… so if anyone has been trying to call me or text me in the last 24 hours, there may be a good reason I haven't responded. I will have to go interact with someone at the phone store…
Yes, another Kafka reference.
I go to work yesterday, only to find out I don't need to be there. The groundskeeper asks me "오늘 수업 있어요?" ("have class today?") and I say I don't – I knew that. But I thought I still had to be there. I'm not quite sure how to phrase that, in Korean. Then he asks me why I'm there. No one else is around. I go to the classroom I'd been using for my summer classes, just as a place to hang out and a computer to sit down at. I text some coworkers, and await their response.
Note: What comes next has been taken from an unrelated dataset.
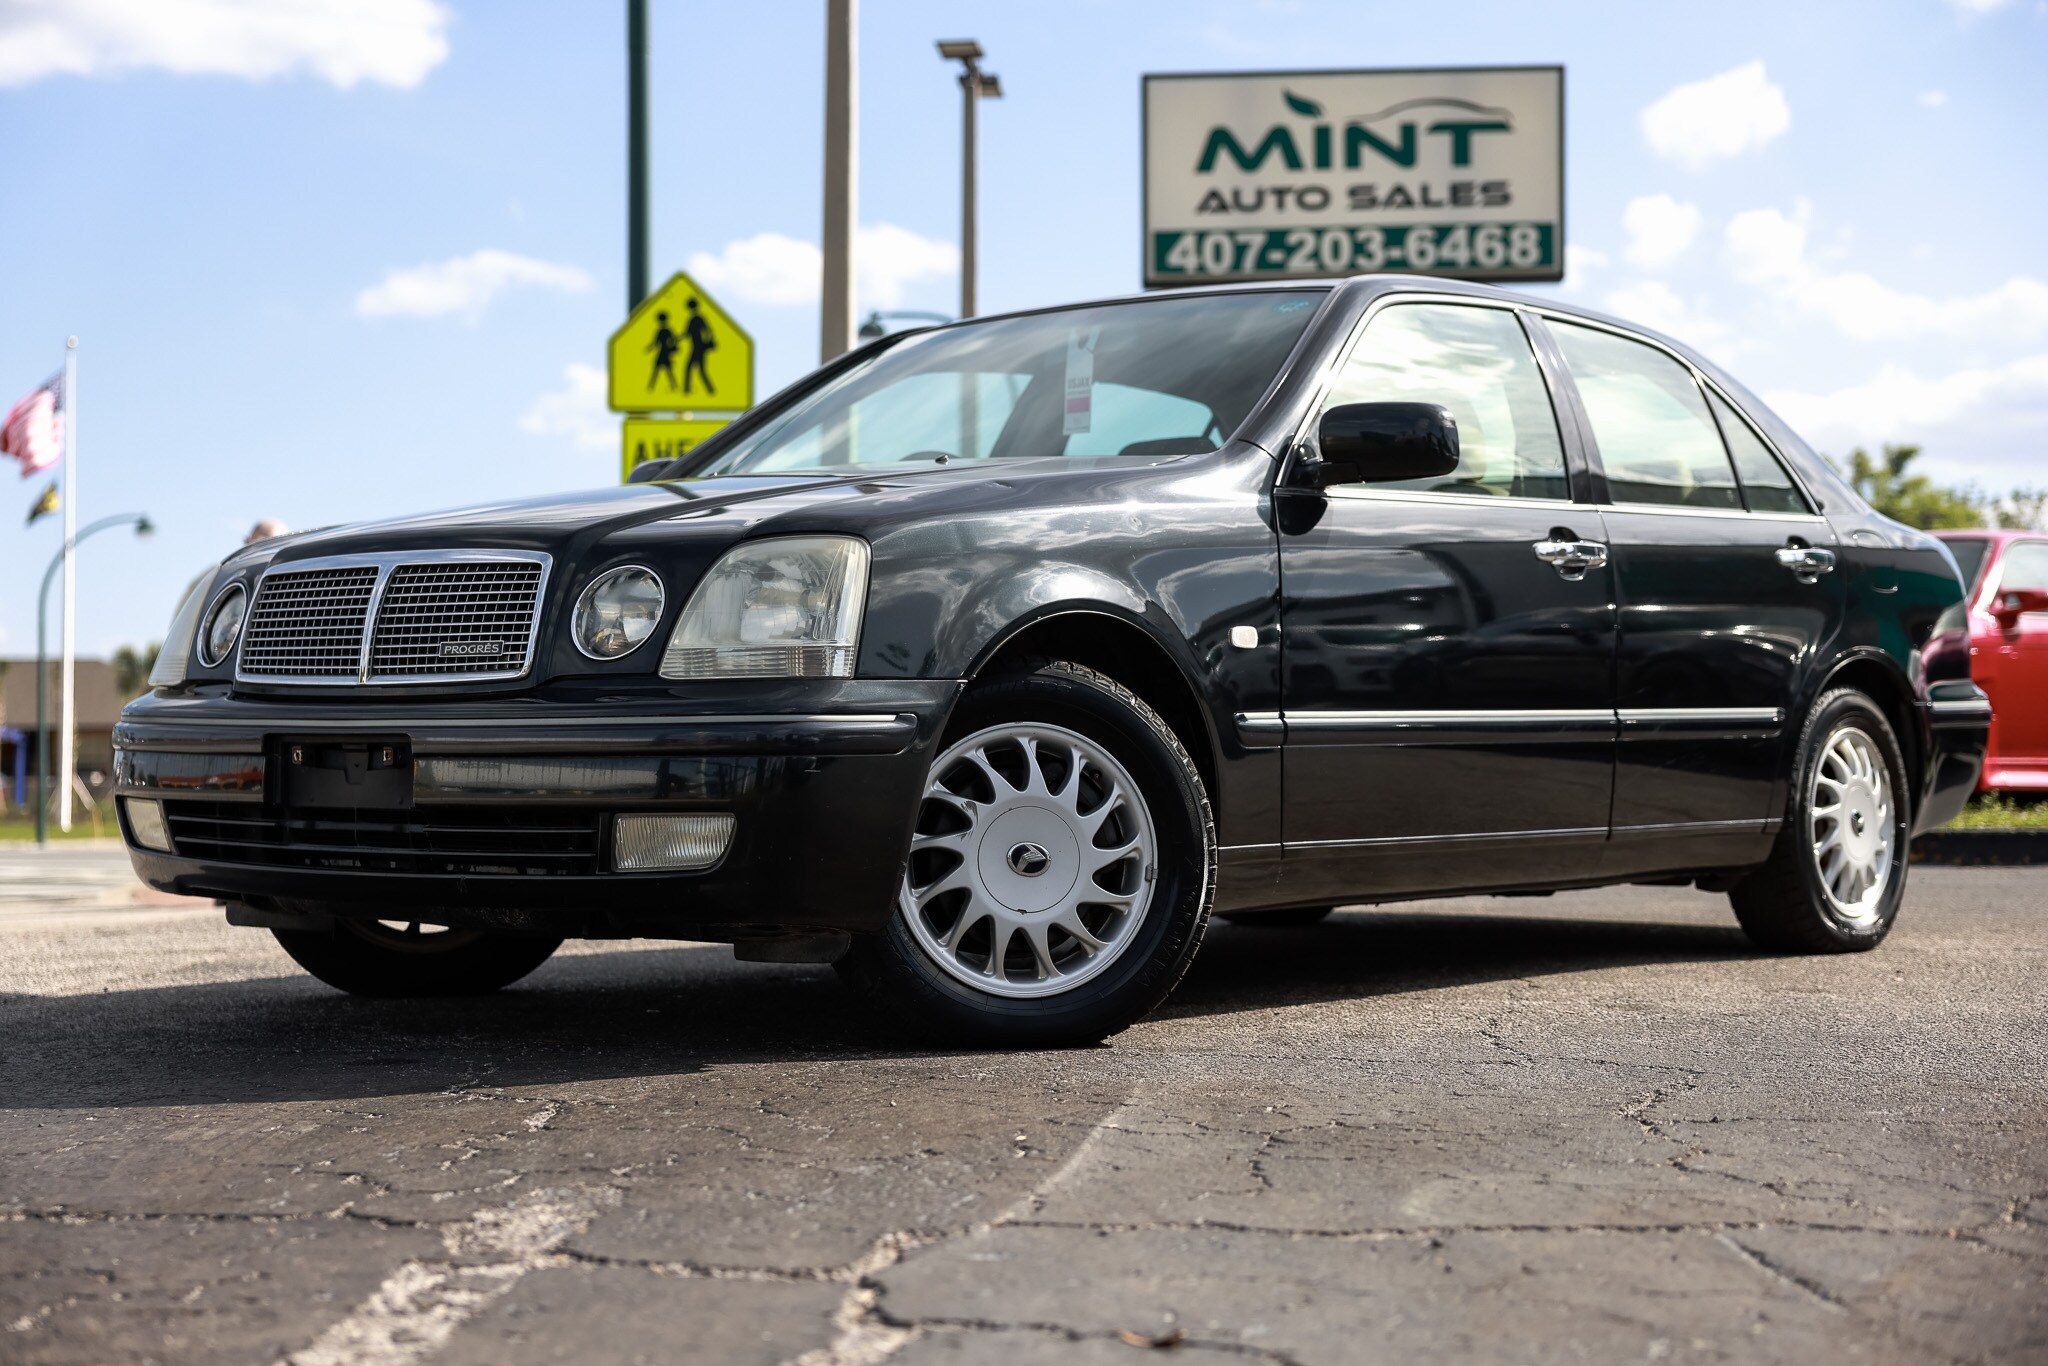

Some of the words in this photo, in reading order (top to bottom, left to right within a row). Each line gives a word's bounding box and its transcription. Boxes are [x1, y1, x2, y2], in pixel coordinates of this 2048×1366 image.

[1195, 120, 1514, 173] MINT
[1197, 184, 1332, 215] AUTO
[1346, 179, 1513, 212] SALES
[1165, 223, 1542, 275] 407-203-6468
Finally, they text back that, indeed, I didn't need to be there. I contemplate feeling angry, but decide that "showing up for work when you don't need to be there is better than NOT showing up for work when you DO need to be there." Hmm, what to do?
I walk back down through the courtyard. There are some children, hanging out. "Hi kids," I say. "Why are you here?"
Big googly eyes, showing utter non-English. Yeah… how would you feel, if some guy spoke English to you, after a wonderful, month-long summer vacation? I recognize the little girl from a fourth grade class, from the end of July. So I ask, "학교에 왜 왔어요?" ("to school why came?")
"그냥," ("just whatever") she answers. Big, pleased-looking smile. Kids do this, in Korea. They come to school when it's not in session, just to hang out. Especially interesting, when the school's been transformed into a giant construction zone – two workmen carrying bags of cement trundle past us.
I poke my head in the teacher's workroom, one last time. My colleague Mr Lee is there. Look of utter surprise. In Korean, he begins something to the effect of "why are you here?"
"오늘 일하야 하지 않아요… 잘 몰랐어요." I know this is bad, awkward Korean, but he tilts his head and grins in understanding – its message makes it across the barrier. ("today work not have to… didn't know")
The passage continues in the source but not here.